Mesmo quando fala da condição delicada do amor, Michael Haneke o faz pelo viés do sofrimento. Acusado algumas vezes de sádico ao impor uma espécie de tortura do espectador em seus filmes, o diretor austríaco exige sempre de seu público a vontade necessária para suportar a angústia. Seja essa angústia de cunho claramente violento, como em Violência Gratuita (1997), seja de terror psicológico, como em Caché (2005), seja na exploração na natureza de um mal atávico em A Fita Branca (2009).

Em Amor, Haneke lança seu olhar para o envelhecimento ao retratar a
vida de um casal de idosos. Aspectos como compaixão, sofrimento, solidão e eutanásia são as linhas mestras que conduzem esse drama.
Indicado duplamente a Oscar de melhor filme (concorre ao mesmo tempo ao prêmio de melhor filme e de melhor filme estrangeiro), Amor retrata um processo degenerativo na vida do casal, quando um deles adoece irremediavelmente.

Na estrutura narrativa, o diretor concentra-se na intimidade do casal. Apresenta elipses entre um agravamento e outro da doença, mantendo sempre tesa a linha do drama. Dentro do apartamento onde vive o casal, cresce uma tensão aflitiva, um tipo de aprisionamento por sobre outro aprisionamento. Ali, o espaço da convivência de uma vida em comum e ali também o espaço de uma relação afetuosa que se desdobra pelo cuidado, mas também pela verdade do transtorno de quem sofre e de quem vê sofrer.


Para dar estofo dramático a essa profunda jornada de amor e solidão, Haneke coloca em cena o peso de três nomes sem os quais não se conta a história do cinema francês. Jean-Louis Trintignant, Emmanuelle Riva e Isabelle Huppert são, respectivamente, marido, esposa e filha. Esta última com aparições pontuais, que mais enfatizam a solidão do casal do que a possibilidade de compartilhamento do fardo dessa solidão. Mas são as atuações de Trintignant e Riva que dão ao filme sua força de assombro dolorido e a sensibilidade crua típica do cinema de Haneke.





Um cinema que tem na sua veia a polêmica, aqui representada pela discussão da eutanásia. Mas como a obviedade é fator escasso na obra do diretor, essa discussão se apresenta pela surpresa, construída de forma delicada e sensível, mas sempre com traços de uma brutalidade humana, que mesmo revestida de amor, não se torna menos brutal para quem assiste, nem para quem executa.
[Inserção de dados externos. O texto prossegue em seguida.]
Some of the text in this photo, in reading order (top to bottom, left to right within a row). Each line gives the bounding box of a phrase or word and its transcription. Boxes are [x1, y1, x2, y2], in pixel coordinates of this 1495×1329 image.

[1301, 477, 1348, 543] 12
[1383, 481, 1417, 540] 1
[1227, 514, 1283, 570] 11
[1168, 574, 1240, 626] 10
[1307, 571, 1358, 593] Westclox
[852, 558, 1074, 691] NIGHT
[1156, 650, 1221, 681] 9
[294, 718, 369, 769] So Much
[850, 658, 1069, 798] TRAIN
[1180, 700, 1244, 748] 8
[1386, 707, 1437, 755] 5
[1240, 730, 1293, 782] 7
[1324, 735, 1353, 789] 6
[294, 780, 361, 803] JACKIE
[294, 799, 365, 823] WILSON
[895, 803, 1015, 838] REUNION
Para dimensionar e multifacetar essa delicada brutalidade, constrói-se um drama do qual também somos vítimas e testemunhas do sofrimento. Habita aí o aspecto recorrente do cinema de Haneke, que é o de nos fazer passar pelo filme não apenas como espectadores passivos, mas como cúmplices da violência e da inquietude. Sempre com uma perspectiva que nos desconcerta e aflige. Disso não escapamos em Amor, que ao construir suas cenas transmite com dolorosa verdade a intensidade de cada momento.


Amor é filme que fala do fim da vida, da dignidade que merecemos ao chegar perto desse fim e que nem sempre nos é reservada. Seu sentimento de mundo é a solidão inevitável da velhice, é um aprisionamento do corpo ante o descompasso de querer liberdade e de querer libertar.


Por isso o amor de Haneke não é idílico, como também não é cínico. É um amor feito de verdade, com sentimentos que vão além da beleza simples e traduzem a complexidade do que é real e humano. Mais do que sobre o amor, é um filme sobre a liberdade e sobre o que cabe nessa palavra quando vista pelo olhar do tempo que se estende mais do que a vida e o sentimento suportam.